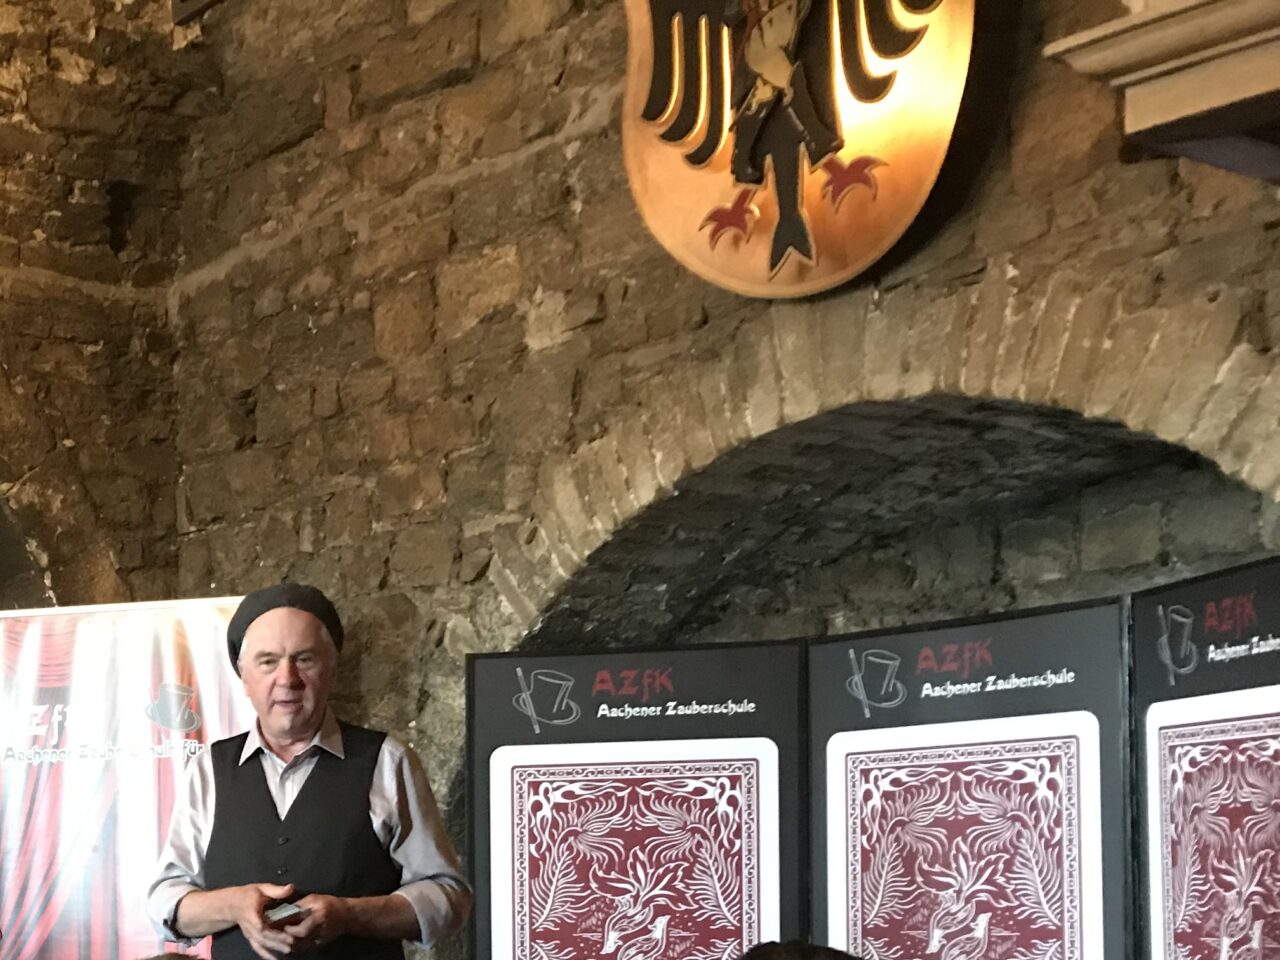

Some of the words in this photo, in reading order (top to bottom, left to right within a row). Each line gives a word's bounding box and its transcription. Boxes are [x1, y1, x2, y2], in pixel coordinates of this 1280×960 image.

[920, 680, 982, 699] Aachener
[984, 667, 1076, 692] Zauberschule
[596, 703, 662, 720] Aachener
[665, 698, 757, 716] Zauberschule

-------

> _TASK BRIEF_: Above are the records; transcribe them exactly without the pictures.

> _SOLVED PROBLEM_:
Some of the words in this photo, in reading order (top to bottom, left to right within a row). Each line gives a word's bounding box and its transcription. Boxes are [x1, y1, x2, y2], in pixel coordinates of this 1280×960 image.

[920, 680, 982, 699] Aachener
[984, 667, 1076, 692] Zauberschule
[596, 703, 662, 720] Aachener
[665, 698, 757, 716] Zauberschule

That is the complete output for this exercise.